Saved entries
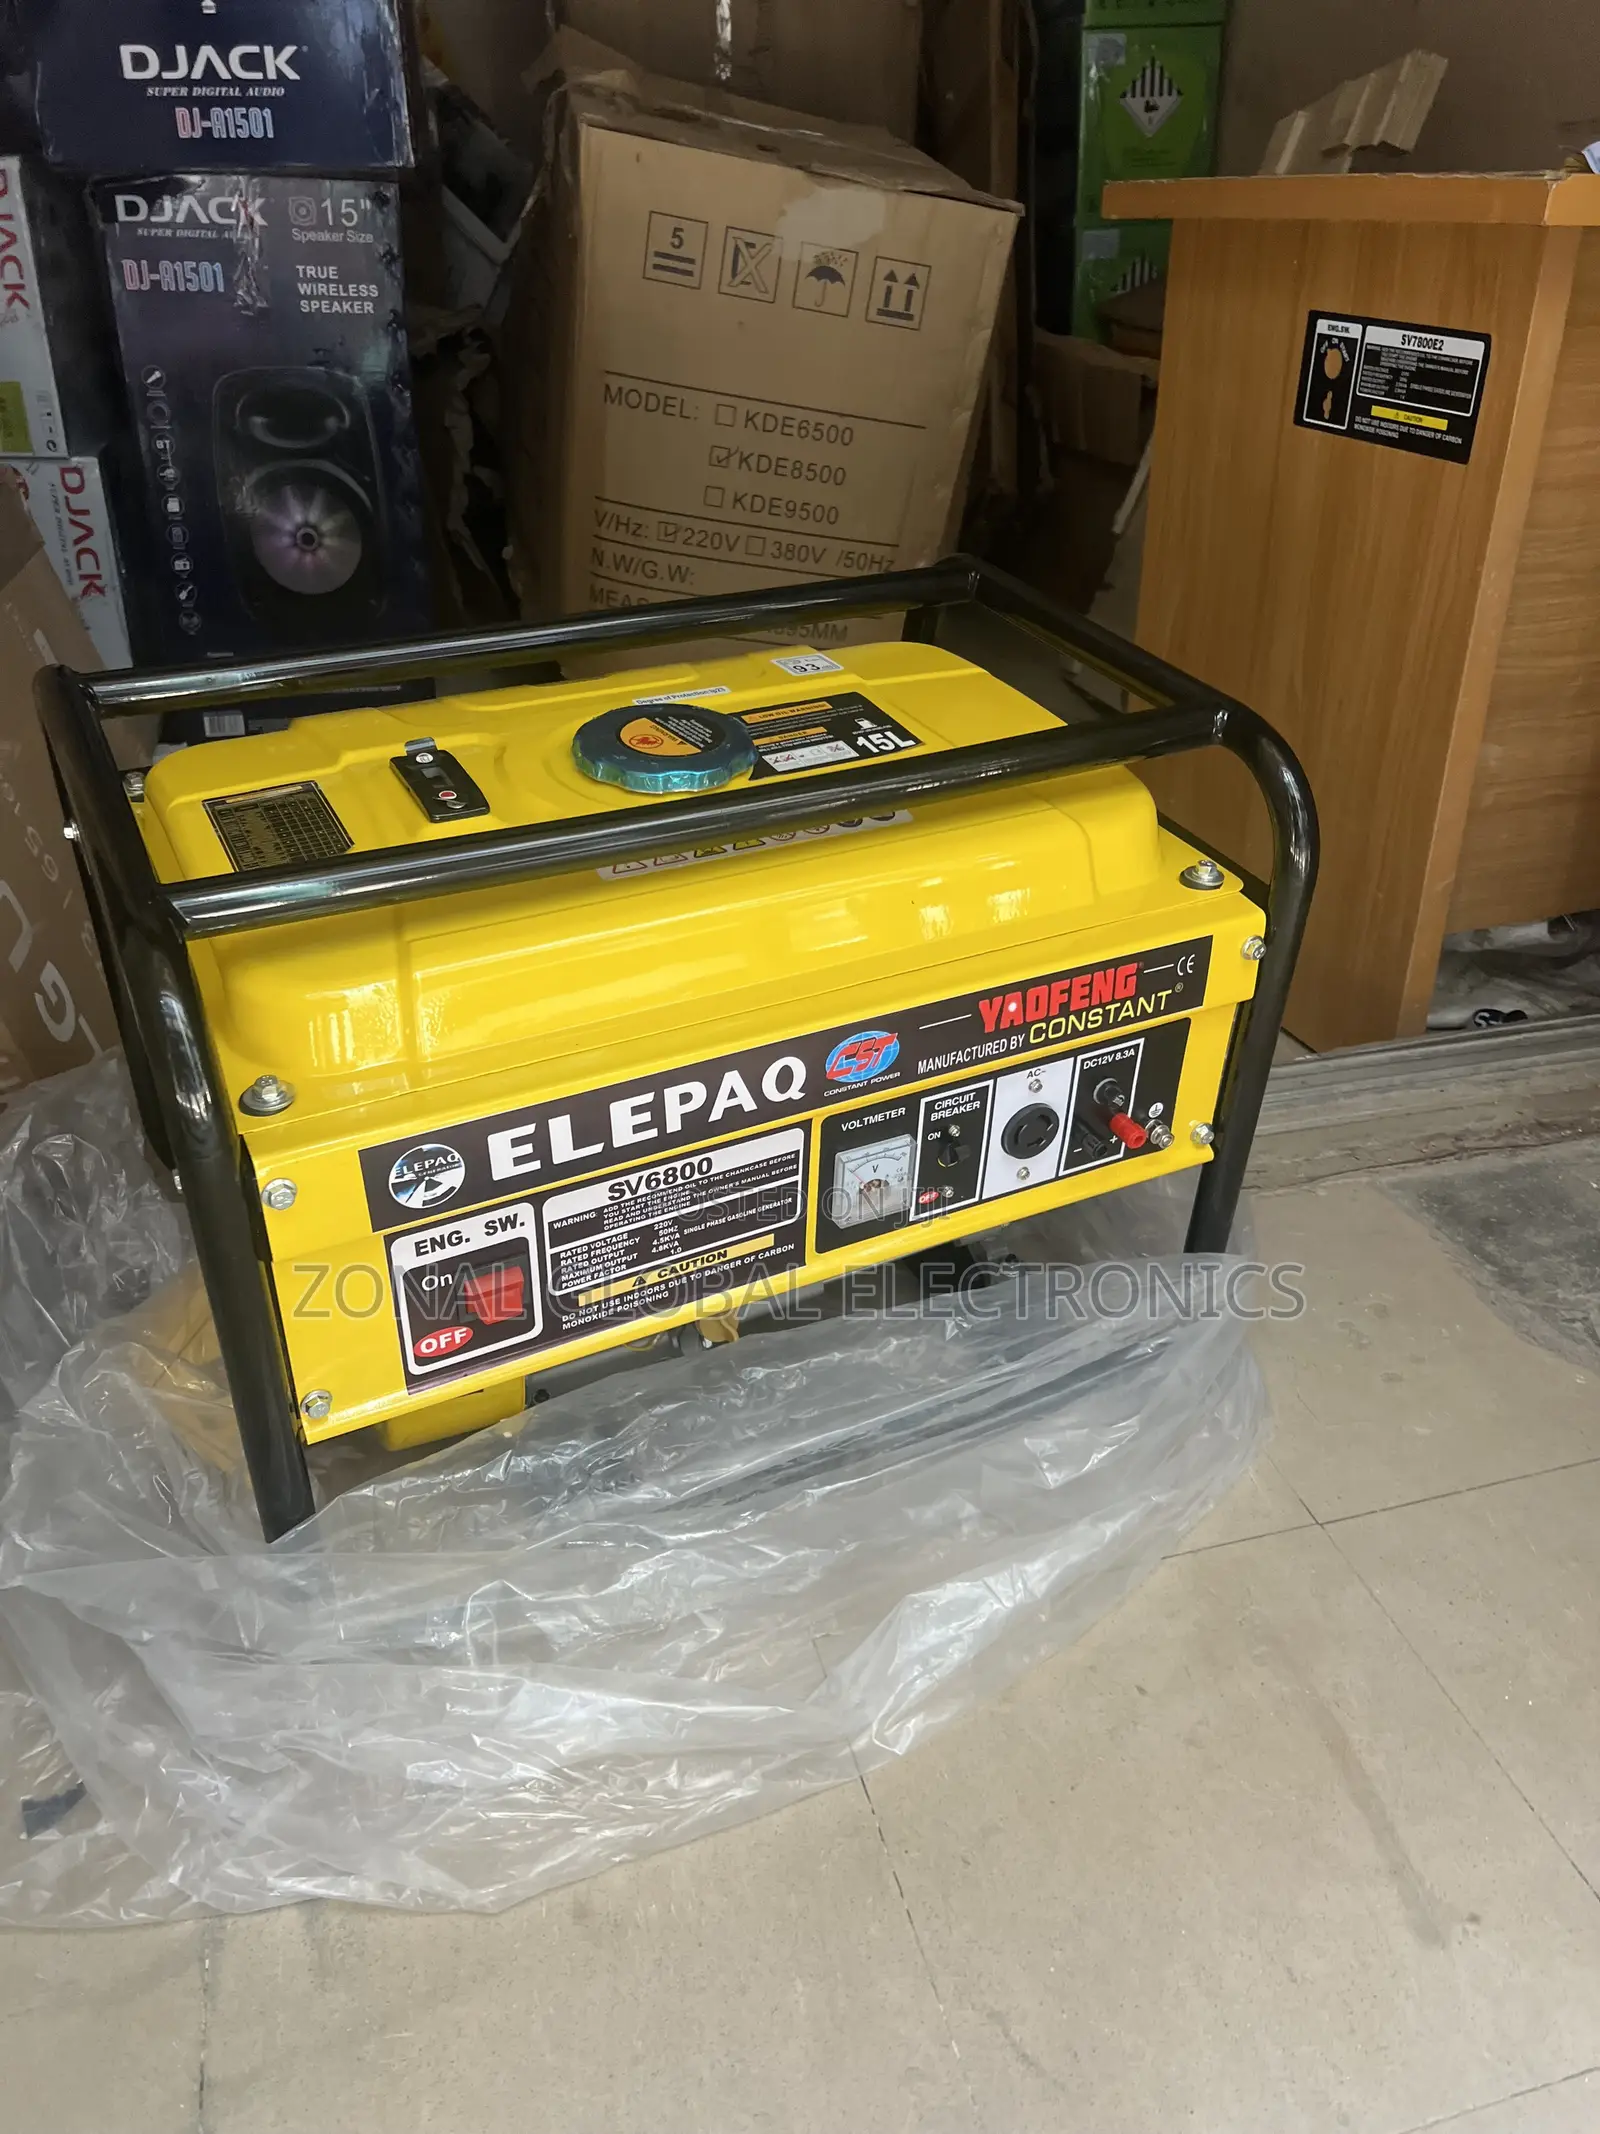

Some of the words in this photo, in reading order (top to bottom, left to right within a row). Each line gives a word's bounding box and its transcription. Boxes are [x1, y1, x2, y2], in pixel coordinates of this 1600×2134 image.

[119, 45, 300, 80] DJACK
[147, 86, 188, 97] SUPER
[192, 86, 242, 97] DIGITAL
[246, 86, 285, 98] AUDIO
[175, 107, 274, 139] DJ-A1501
[137, 228, 172, 238] SUPER
[176, 228, 218, 238] DIGITAL
[291, 228, 344, 242] Speaker
[346, 230, 374, 244] Size
[122, 259, 225, 292] DJ-A1501
[296, 265, 338, 280] TRUE
[298, 282, 378, 298] WIRELESS
[300, 300, 375, 314] SPEAKER
[1401, 334, 1445, 352] SV7800E2
[604, 384, 699, 420] MODEL:
[744, 409, 854, 446] KDE6500
[738, 450, 846, 486] KDE8500
[732, 492, 839, 526] KDE9500
[60, 465, 106, 598] DJACK
[594, 509, 649, 539] V/Hz:
[683, 527, 740, 552] 220V
[770, 540, 826, 565] 380V
[856, 730, 917, 754] 15L
[978, 962, 1138, 1034] YAOFENG
[917, 1038, 1008, 1075] MANUFACTURED
[1010, 1033, 1026, 1052] BY
[1030, 988, 1172, 1044] CONSTANT
[1083, 1052, 1116, 1070] DC12V
[1116, 1048, 1136, 1062] 8.3A
[824, 1081, 869, 1098] CONSTANT
[870, 1071, 902, 1086] POWER
[930, 1100, 980, 1122] BREAKER
[934, 1092, 976, 1111] CIRCUIT
[487, 1056, 808, 1182] ELEPAQ
[840, 1108, 906, 1132] VOLTMETER
[927, 1130, 942, 1141] ON
[394, 1153, 460, 1176] ELEPAQ
[608, 1156, 713, 1202] SV6800
[603, 1204, 618, 1214] ADD
[620, 1200, 636, 1210] THE
[636, 1186, 683, 1204] RECOMMEND
[684, 1182, 696, 1191] OIL
[710, 1174, 724, 1182] THE
[768, 1153, 796, 1166] BEFORE
[604, 1214, 624, 1225] READ
[626, 1210, 641, 1220] AND
[642, 1195, 691, 1213] UNDERSTAND
[692, 1190, 706, 1198] THE
[708, 1180, 740, 1195] OWNER'S
[741, 1172, 770, 1185] MANUAL
[771, 1164, 798, 1176] BEFORE
[919, 1192, 938, 1204] OFF
[604, 1210, 620, 1220] YOU
[621, 1203, 645, 1214] START
[648, 1198, 662, 1206] THE
[664, 1190, 691, 1202] ENGINE
[604, 1215, 646, 1231] OPERATING
[648, 1210, 662, 1219] THE
[664, 1201, 691, 1214] ENGINE
[684, 1224, 706, 1235] SINGLE
[706, 1217, 726, 1228] PHASE
[727, 1207, 756, 1222] GASOLINE
[757, 1197, 793, 1213] GENERATOR
[414, 1230, 470, 1257] ENG.
[484, 1212, 526, 1237] SW.
[560, 1245, 588, 1259] RATED
[590, 1232, 629, 1249] VOLTAGE
[654, 1220, 674, 1230] 220V
[560, 1253, 590, 1267] RATED
[590, 1236, 640, 1259] FREQUENCY
[658, 1226, 679, 1236] 50HZ
[561, 1260, 590, 1275] RATED
[590, 1250, 626, 1265] OUTPUT
[652, 1232, 681, 1246] 4.5KVA
[561, 1265, 603, 1282] MAXIMUM
[604, 1253, 638, 1268] OUTPUT
[652, 1241, 680, 1254] 4.8KVA
[562, 1276, 594, 1290] POWER
[594, 1264, 628, 1279] FACTOR
[670, 1246, 682, 1255] 1.0
[656, 1250, 728, 1280] CAUTION
[420, 1273, 454, 1292] On
[562, 1312, 577, 1323] DO
[578, 1304, 599, 1318] NOT
[602, 1298, 622, 1310] USE
[623, 1282, 667, 1304] INDOORS
[668, 1276, 689, 1290] DUE
[690, 1272, 703, 1282] TO
[704, 1260, 742, 1278] DANGER
[744, 1254, 756, 1266] OF
[757, 1242, 795, 1260] CARBON
[562, 1309, 614, 1331] MONOXIDE
[616, 1290, 670, 1313] POISONING
[420, 1326, 468, 1354] OFF
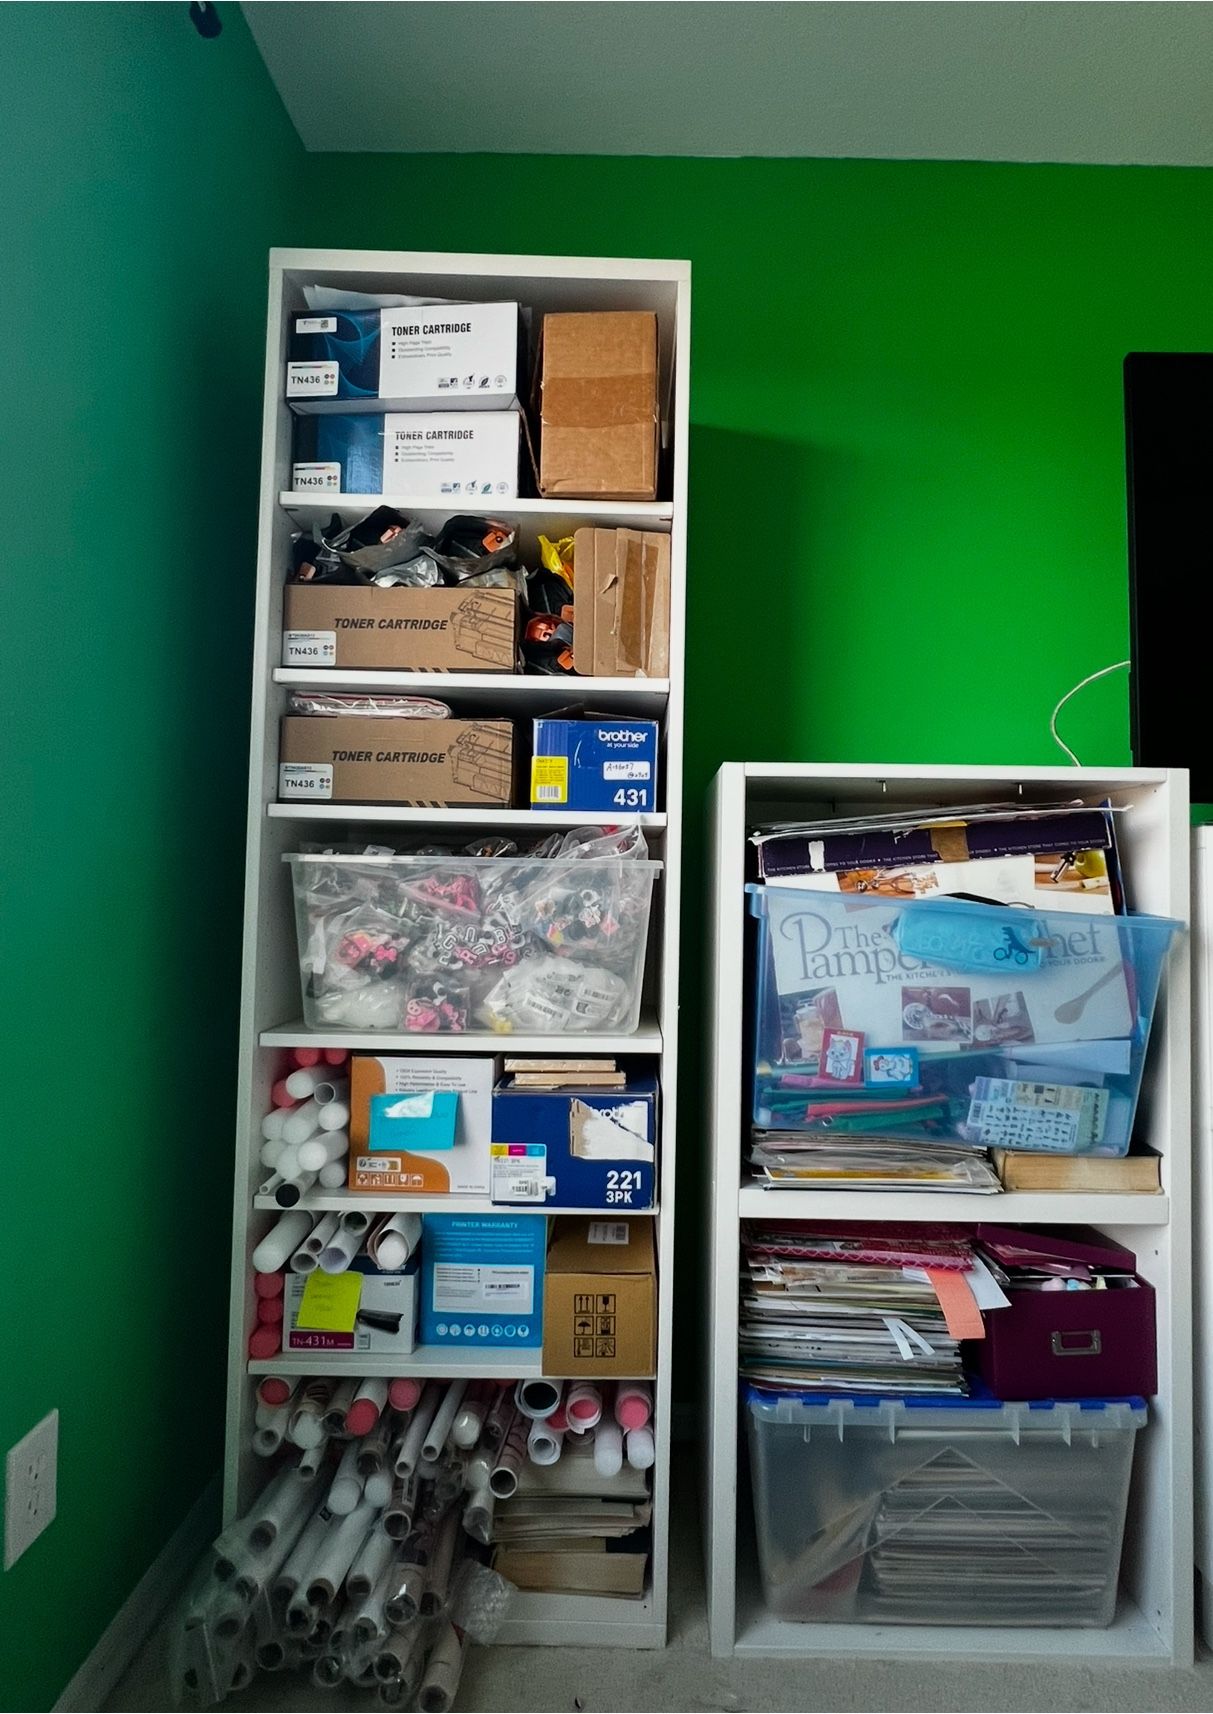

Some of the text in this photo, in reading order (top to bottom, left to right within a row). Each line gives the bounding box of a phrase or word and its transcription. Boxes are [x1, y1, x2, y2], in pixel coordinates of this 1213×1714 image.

[392, 323, 471, 336] TONER CARTRIDGE
[291, 376, 321, 384] TN436
[395, 430, 474, 440] TONER CARTRIDGE
[294, 477, 324, 485] TN436
[335, 618, 448, 630] TONER CARTRIDGE
[289, 647, 318, 656] TN436
[598, 729, 648, 742] brother
[332, 750, 446, 763] TONER CARTRIDGE
[285, 779, 314, 788] TN436
[614, 789, 647, 806] 431
[834, 925, 882, 949] The
[779, 911, 932, 985] Pampe
[1041, 917, 1102, 958] hef
[606, 1170, 642, 1190] 221
[606, 1191, 633, 1203] 3PK
[481, 1221, 518, 1229] WARRANTY

*Your objective*.
Your answer must be an exact copy of the records, free of images.

*Task answer*.
Some of the words in this photo, in reading order (top to bottom, left to right within a row). Each line gives a word's bounding box and its transcription. Boxes are [x1, y1, x2, y2], in pixel coordinates of this 1600×2134 image.

[119, 45, 300, 80] DJACK
[147, 86, 188, 97] SUPER
[192, 86, 242, 97] DIGITAL
[246, 86, 285, 98] AUDIO
[175, 107, 274, 139] DJ-A1501
[137, 228, 172, 238] SUPER
[176, 228, 218, 238] DIGITAL
[291, 228, 344, 242] Speaker
[346, 230, 374, 244] Size
[122, 259, 225, 292] DJ-A1501
[296, 265, 338, 280] TRUE
[298, 282, 378, 298] WIRELESS
[300, 300, 375, 314] SPEAKER
[1401, 334, 1445, 352] SV7800E2
[604, 384, 699, 420] MODEL:
[744, 409, 854, 446] KDE6500
[738, 450, 846, 486] KDE8500
[732, 492, 839, 526] KDE9500
[60, 465, 106, 598] DJACK
[594, 509, 649, 539] V/Hz:
[683, 527, 740, 552] 220V
[770, 540, 826, 565] 380V
[856, 730, 917, 754] 15L
[978, 962, 1138, 1034] YAOFENG
[917, 1038, 1008, 1075] MANUFACTURED
[1010, 1033, 1026, 1052] BY
[1030, 988, 1172, 1044] CONSTANT
[1083, 1052, 1116, 1070] DC12V
[1116, 1048, 1136, 1062] 8.3A
[824, 1081, 869, 1098] CONSTANT
[870, 1071, 902, 1086] POWER
[930, 1100, 980, 1122] BREAKER
[934, 1092, 976, 1111] CIRCUIT
[487, 1056, 808, 1182] ELEPAQ
[840, 1108, 906, 1132] VOLTMETER
[927, 1130, 942, 1141] ON
[394, 1153, 460, 1176] ELEPAQ
[608, 1156, 713, 1202] SV6800
[603, 1204, 618, 1214] ADD
[620, 1200, 636, 1210] THE
[636, 1186, 683, 1204] RECOMMEND
[684, 1182, 696, 1191] OIL
[710, 1174, 724, 1182] THE
[768, 1153, 796, 1166] BEFORE
[604, 1214, 624, 1225] READ
[626, 1210, 641, 1220] AND
[642, 1195, 691, 1213] UNDERSTAND
[692, 1190, 706, 1198] THE
[708, 1180, 740, 1195] OWNER'S
[741, 1172, 770, 1185] MANUAL
[771, 1164, 798, 1176] BEFORE
[919, 1192, 938, 1204] OFF
[604, 1210, 620, 1220] YOU
[621, 1203, 645, 1214] START
[648, 1198, 662, 1206] THE
[664, 1190, 691, 1202] ENGINE
[604, 1215, 646, 1231] OPERATING
[648, 1210, 662, 1219] THE
[664, 1201, 691, 1214] ENGINE
[684, 1224, 706, 1235] SINGLE
[706, 1217, 726, 1228] PHASE
[727, 1207, 756, 1222] GASOLINE
[757, 1197, 793, 1213] GENERATOR
[414, 1230, 470, 1257] ENG.
[484, 1212, 526, 1237] SW.
[560, 1245, 588, 1259] RATED
[590, 1232, 629, 1249] VOLTAGE
[654, 1220, 674, 1230] 220V
[560, 1253, 590, 1267] RATED
[590, 1236, 640, 1259] FREQUENCY
[658, 1226, 679, 1236] 50HZ
[561, 1260, 590, 1275] RATED
[590, 1250, 626, 1265] OUTPUT
[652, 1232, 681, 1246] 4.5KVA
[561, 1265, 603, 1282] MAXIMUM
[604, 1253, 638, 1268] OUTPUT
[652, 1241, 680, 1254] 4.8KVA
[562, 1276, 594, 1290] POWER
[594, 1264, 628, 1279] FACTOR
[670, 1246, 682, 1255] 1.0
[656, 1250, 728, 1280] CAUTION
[420, 1273, 454, 1292] On
[562, 1312, 577, 1323] DO
[578, 1304, 599, 1318] NOT
[602, 1298, 622, 1310] USE
[623, 1282, 667, 1304] INDOORS
[668, 1276, 689, 1290] DUE
[690, 1272, 703, 1282] TO
[704, 1260, 742, 1278] DANGER
[744, 1254, 756, 1266] OF
[757, 1242, 795, 1260] CARBON
[562, 1309, 614, 1331] MONOXIDE
[616, 1290, 670, 1313] POISONING
[420, 1326, 468, 1354] OFF

Some of the text in this photo, in reading order (top to bottom, left to right within a row). Each line gives the bounding box of a phrase or word and its transcription. Boxes are [x1, y1, x2, y2], in pixel coordinates of this 1213×1714 image.

[392, 323, 471, 336] TONER CARTRIDGE
[291, 376, 321, 384] TN436
[395, 430, 474, 440] TONER CARTRIDGE
[294, 477, 324, 485] TN436
[335, 618, 448, 630] TONER CARTRIDGE
[289, 647, 318, 656] TN436
[598, 729, 648, 742] brother
[332, 750, 446, 763] TONER CARTRIDGE
[285, 779, 314, 788] TN436
[614, 789, 647, 806] 431
[834, 925, 882, 949] The
[779, 911, 932, 985] Pampe
[1041, 917, 1102, 958] hef
[606, 1170, 642, 1190] 221
[606, 1191, 633, 1203] 3PK
[481, 1221, 518, 1229] WARRANTY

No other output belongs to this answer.